Robert Cox: That’s great. Yes. So, just for a follow-up, maybe going back to the health space, I think you guys have discussed how you’re largely compensated on a fee per employee basis, and employment growth is much lower than the 9% organic you achieved in the quarter. So, I was just wondering if you could help me understand, is this more consulting, new business opportunities out there? Are you raising fees and maybe is brokerage growing at a similar pace to the headline 9% organic?
John Doyle: Yes. it’s I think all of the above, but good sales and a value proposition to clients and prospects that they appreciate very much. I don’t know, Martine, do you have anything to add to that?
Martine Ferland: Yes. Well, first a correction. The large part of our business is actually consulting fees. It’s not fees per member, as you mentioned, Robert. So, just to be clear about that. There’s a small portion of the business in the US that is fee per participant, but that’s the business that we divested. It’s more in a (NIM) business. It’s how those businesses are usually paid out. So, the bulk of our business, some of it is based on the commission, but as I said, clients are really trying to control costs. So, there’s not a direct link to inflation in premium there, because they would change the attachment point, as my colleagues in reinsurance like to talk about. They would vary the benefit programs, et cetera. And there’s a large part that is project-based.
And to your point, our growth has been in part full employment because there’s much more work to be done to cover the employee population. But there’s also a lot of change. High cost of prescription drugs, for example, accessibility through different means, technology coming into the space to help out people choose the right providers, the right programs, and we’re there with them helping them design those programs, communicate them to employees, measure them in terms of efficacy, but also cost, et cetera. So, that’s what’s been – and you know that the health space everywhere is also seeing lots of change, lots of pressure on cost. So, I don’t see us being not busy anytime soon. Nothing climbs through that.
John Doyle: Thank you, Martine. Thank you, Robert. Andrew, next question please.
Operator: Our next question comes from the line of Meyer Shields with KBW.
Meyer Shields: Great, thank you. Two quick questions. First, can you give us a sense of the seasonality of the reinsurance acquisition that contributed so much to this quarter’s growth?
John Doyle: Mark, maybe you can?
Mark McGivney: Meyer, what you’re seeing – I think you’re referring to the underlying growth schedule and what looks like a large acquisition in Guy Carpenter, is actually that column is acquisitions, dispositions, and other adjustments. And we had a – in my prepared remarks, I mentioned a legal settlement that we had, a noteworthy item in the quarter. So, that’s what’s running through that schedule. It wasn’t a large – not M&A for Guy Carpenter.

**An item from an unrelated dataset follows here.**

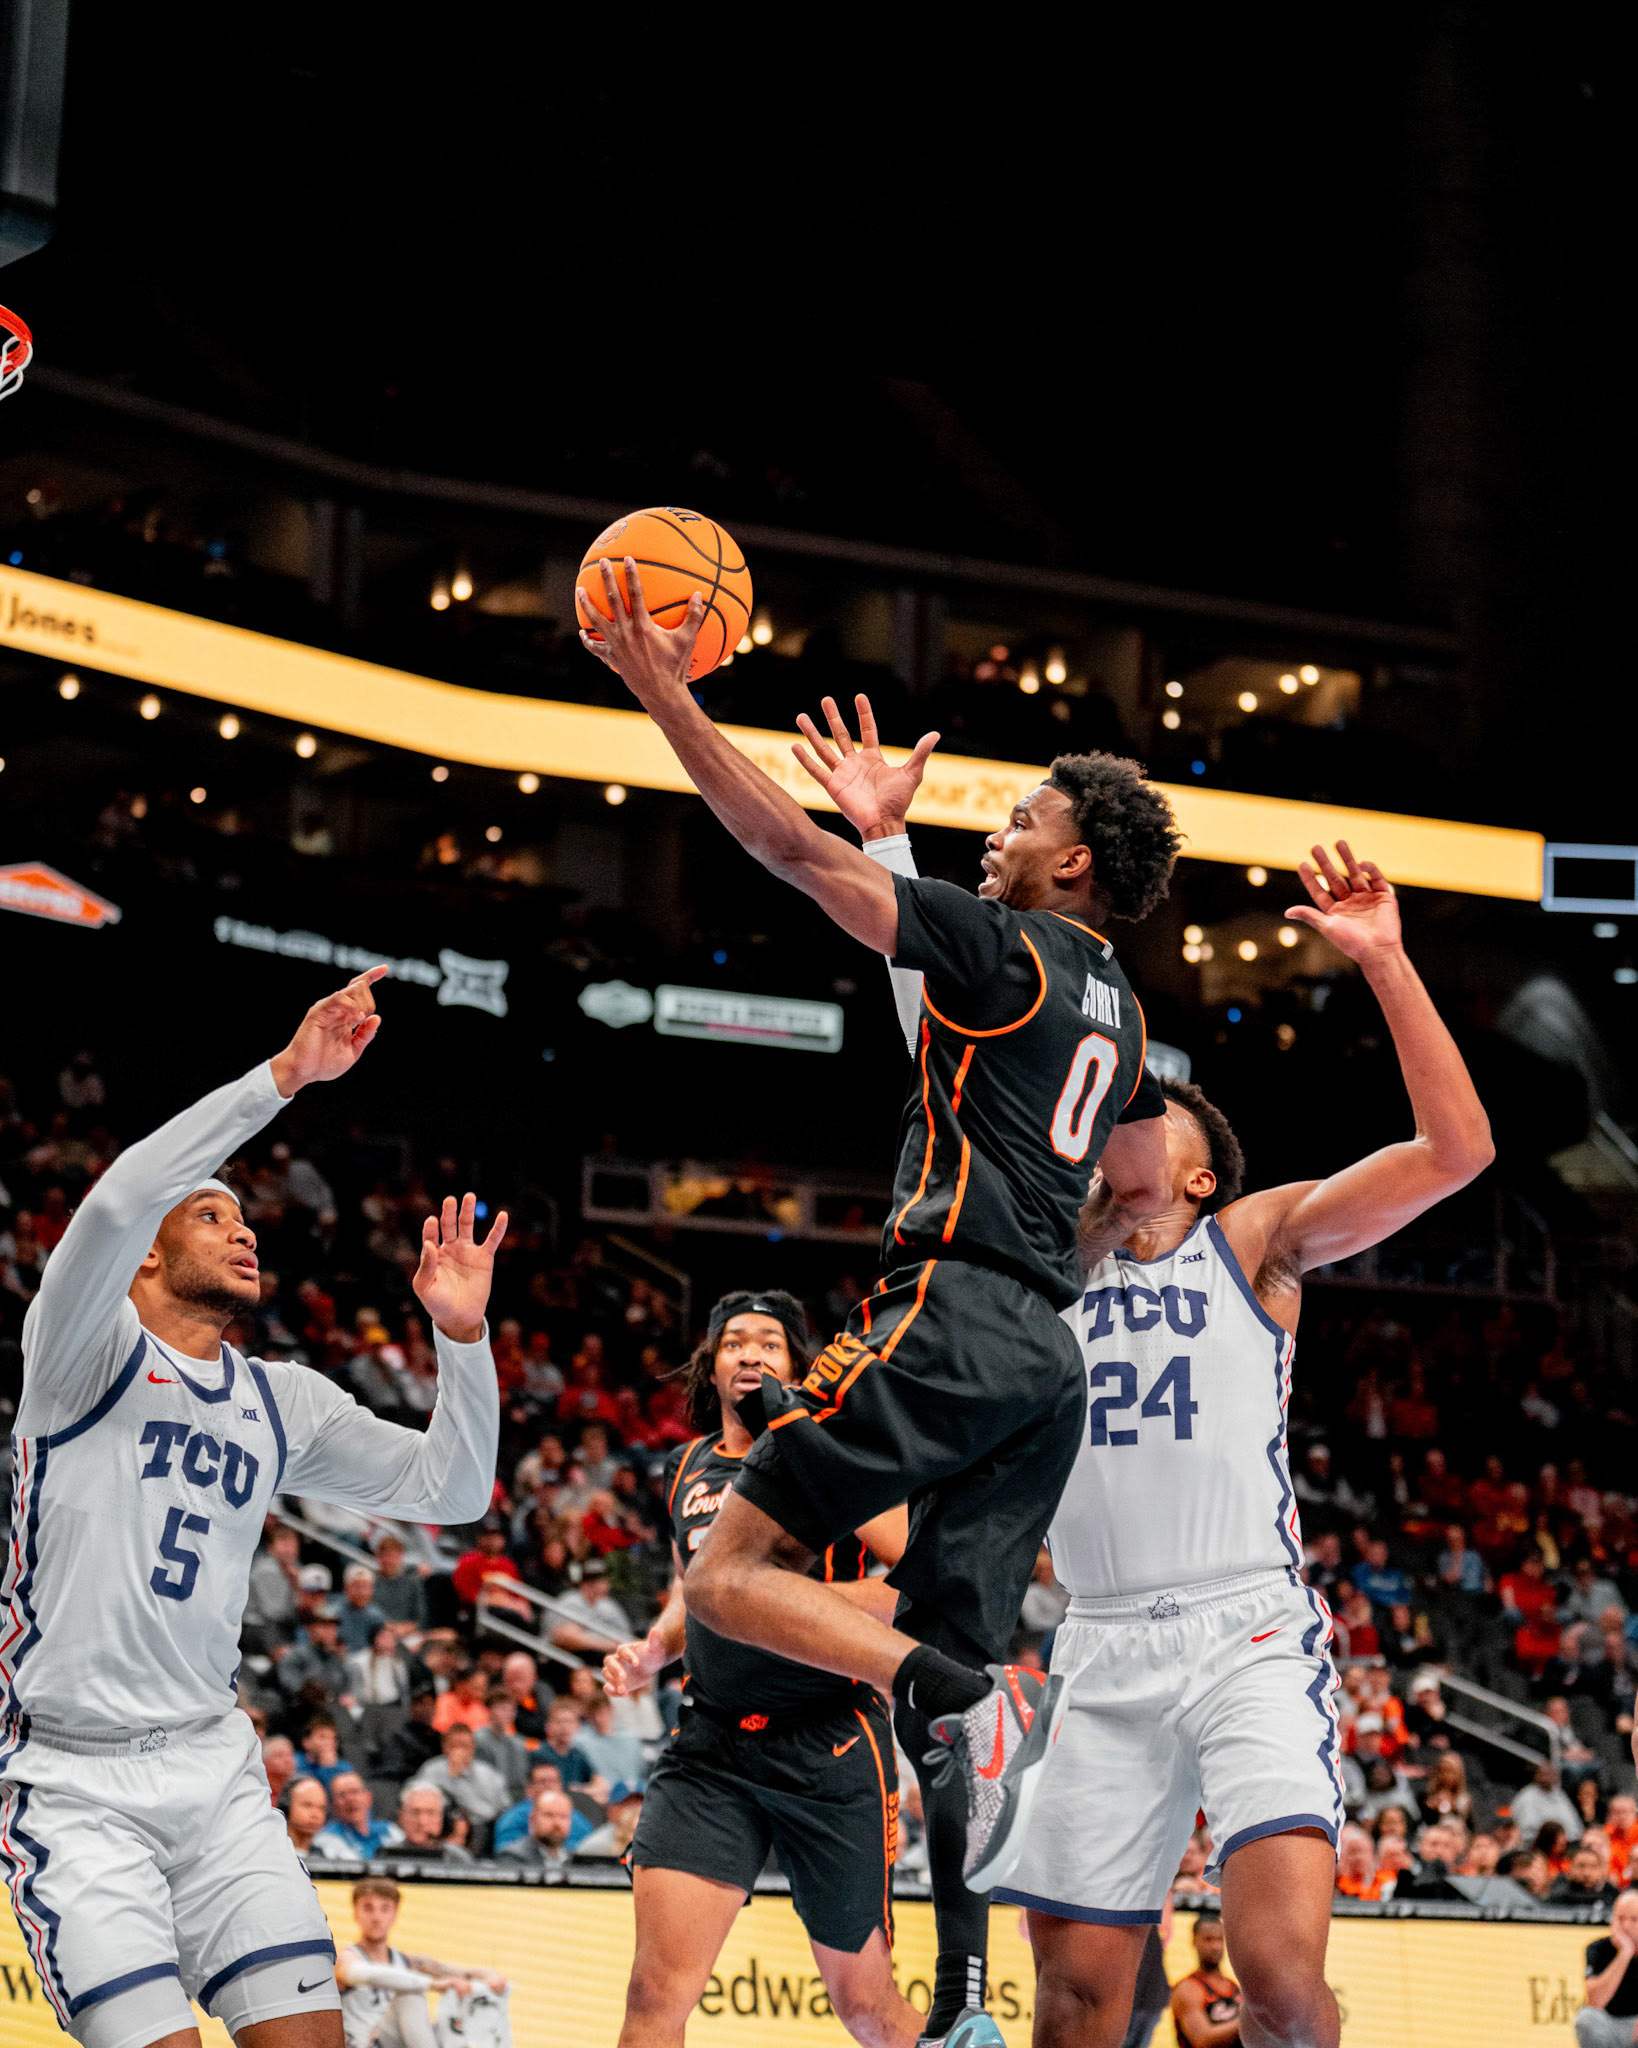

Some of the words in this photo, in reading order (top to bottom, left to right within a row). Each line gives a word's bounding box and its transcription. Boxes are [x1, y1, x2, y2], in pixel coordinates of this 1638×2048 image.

Meyer Shields: Oh, okay. Thank you.
John Doyle: You have a follow-up, Meyer?
Meyer Shields: Yes, a quick one. When you’ve got the flood claims revenues in last year’s I guess US and Canada operations with risk and insurance services, did that have any impact on last year’s margins or the year-over-year progress?
John Doyle: Well, we don’t report margins by business, but you saw a good margin expansion during the course of the year. And again, our outlook for 2024 is for 17th year in a row to expand margins yet again. So, it wasn’t material. We managed through it. There are parts of our business that are lumpy, right? That’s why we caution everybody not to get too worked up about growth rates in a particular quarter. And the flood claim activity was largely related to Hurricane Ian-related work that we did at that time last year. Thank you, Meyer. Andrew, next question, please.
Operator: And our next question comes from the line of Brian Meredith with UBS.
Brian Meredith: Hey, thanks, John. Just quickly and kind of following on Rob’s question a little bit. If we look at the middle market space, there are some kind of larger competitors of yours that are going through some transitions, be it being acquired, maybe being acquired, not sure, all sorts of stuff. Is that creating maybe another opportunity here for you to kind of ramp up talent acquisition? You obviously were really successful a couple of years ago doing that. Is that opportunity out there you think again?
John Doyle: Yes. Look, Brian, what I would say first and foremost about talent acquisition is that we are very, very focused. I mentioned this in my prepared remarks about building a culture that attracts and retains the best in our work. The way we frame it, and we talk about being at your best at Marsh McLennan, right? How can we – for those that want to commit their career to risk strategy and people-related work, how is it that being at Marsh McLennan, you can be your best? And we frame those programs around learning and development, mobility, various aspects of wellness. And you get to do really purposeful work here. I mentioned the Ukraine work as an example earlier. You get to work with exceptional talent, and it’s a collaborative environment and a learning environment.